▶ Problem requirements:
From the material below, reproduce exactly the stretch of lines that begins with the line holding "this 1344×1512 image." and ends with the line holding "this 1728×1152 image.", skipping the pictures.

▶ Information shown:
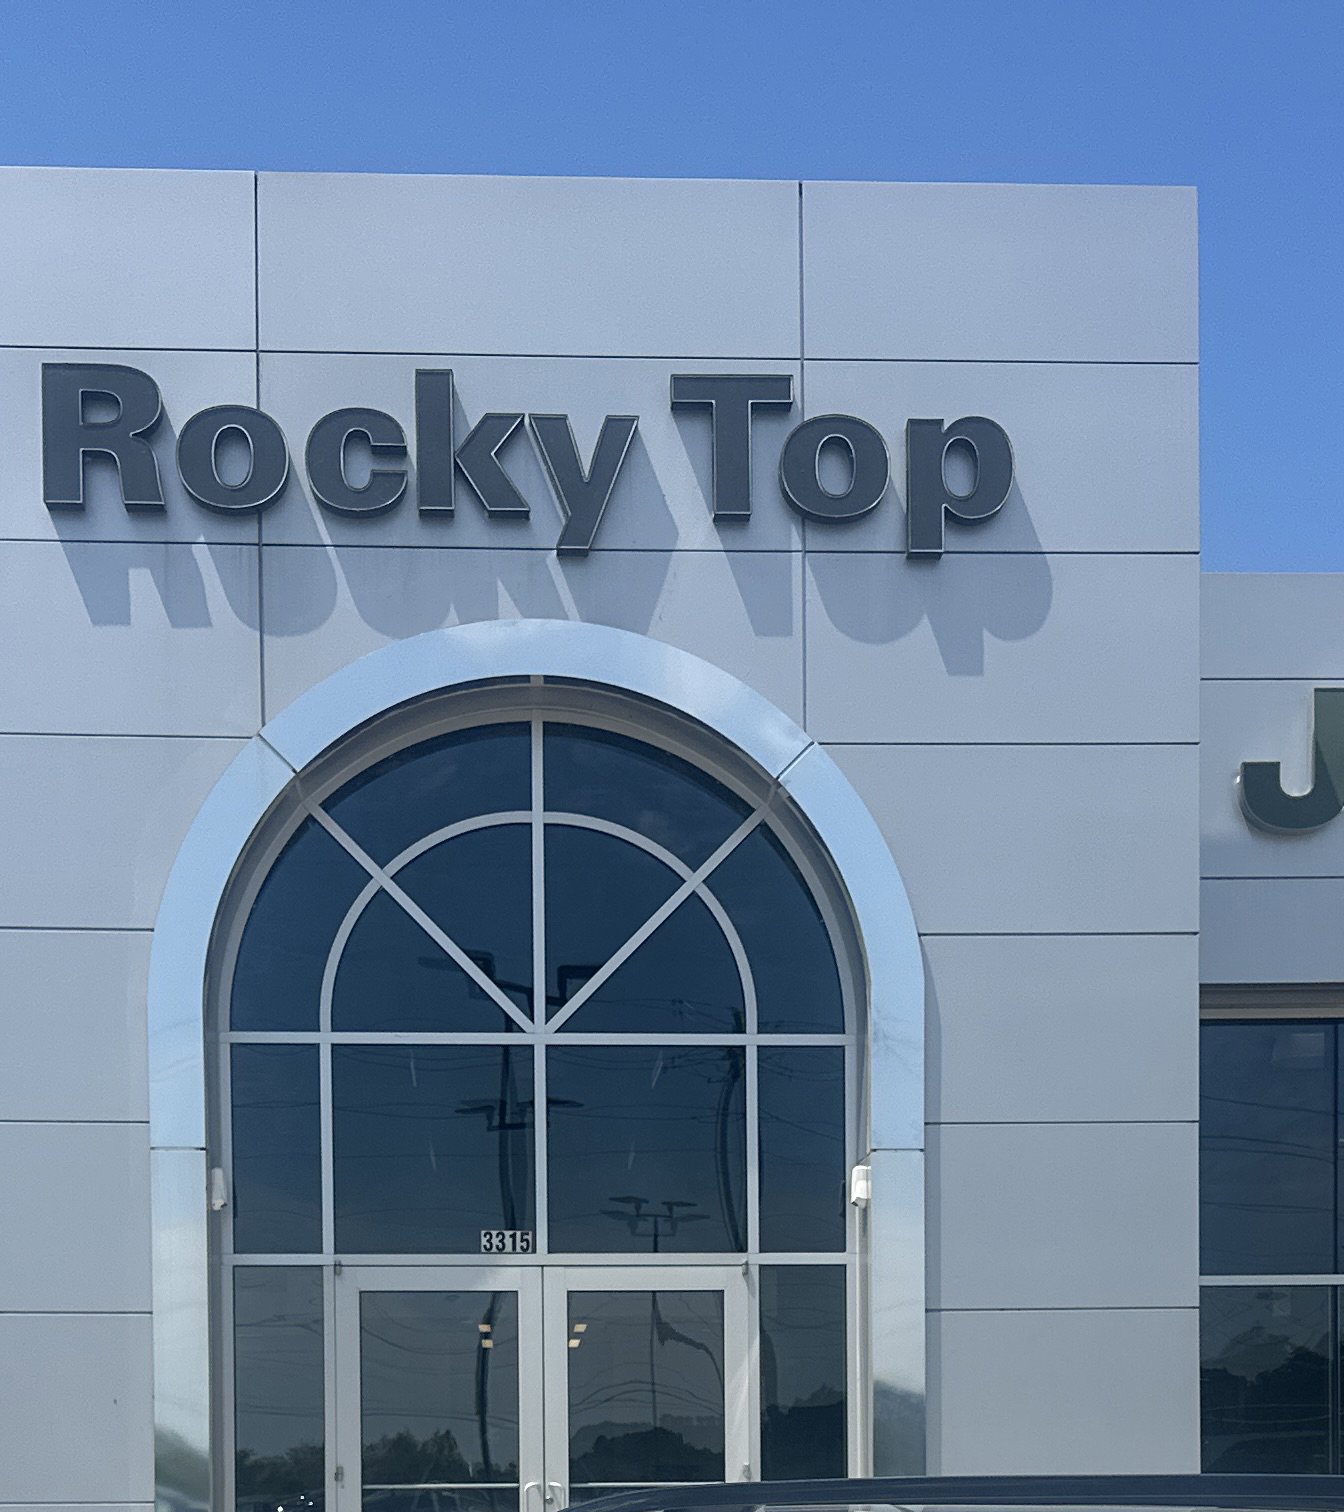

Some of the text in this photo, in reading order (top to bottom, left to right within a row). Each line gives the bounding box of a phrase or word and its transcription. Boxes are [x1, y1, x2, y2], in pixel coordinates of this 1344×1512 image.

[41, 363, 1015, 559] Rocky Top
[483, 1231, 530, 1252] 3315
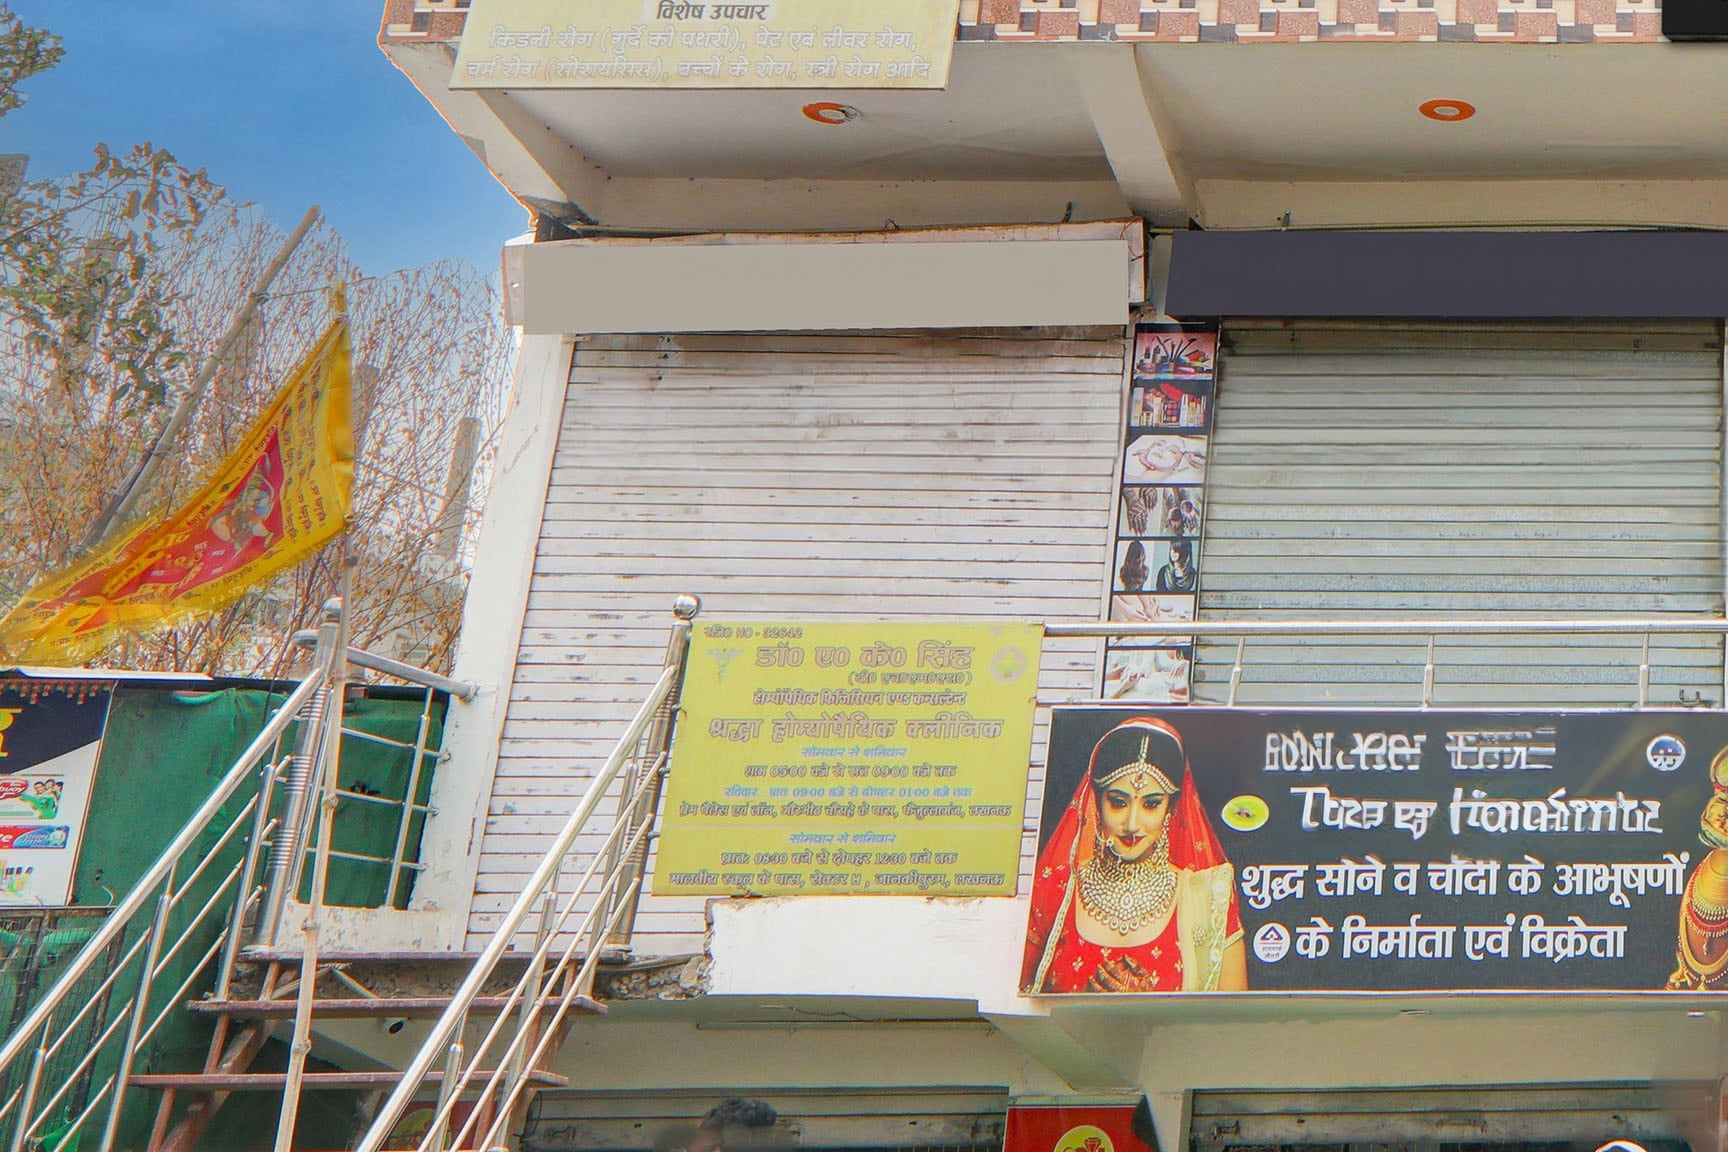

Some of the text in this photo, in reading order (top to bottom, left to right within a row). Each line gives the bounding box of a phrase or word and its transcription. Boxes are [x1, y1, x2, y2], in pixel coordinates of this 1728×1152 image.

...

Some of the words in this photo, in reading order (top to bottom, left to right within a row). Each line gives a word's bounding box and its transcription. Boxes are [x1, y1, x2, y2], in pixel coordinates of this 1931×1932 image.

▶ Answer box:
Some of the text in this photo, in reading order (top to bottom, left to right within a row). Each line gives the bounding box of a phrase or word and its transcription. Boxes are [x1, y1, x2, y2], in pixel coordinates of this 1344×1512 image.

[41, 363, 1015, 559] Rocky Top
[483, 1231, 530, 1252] 3315

Some of the text in this photo, in reading order (top to bottom, left to right within a row). Each line gives the bounding box of a phrase or word and its transcription. Boxes are [x1, y1, x2, y2], in pixel coordinates of this 1728×1152 image.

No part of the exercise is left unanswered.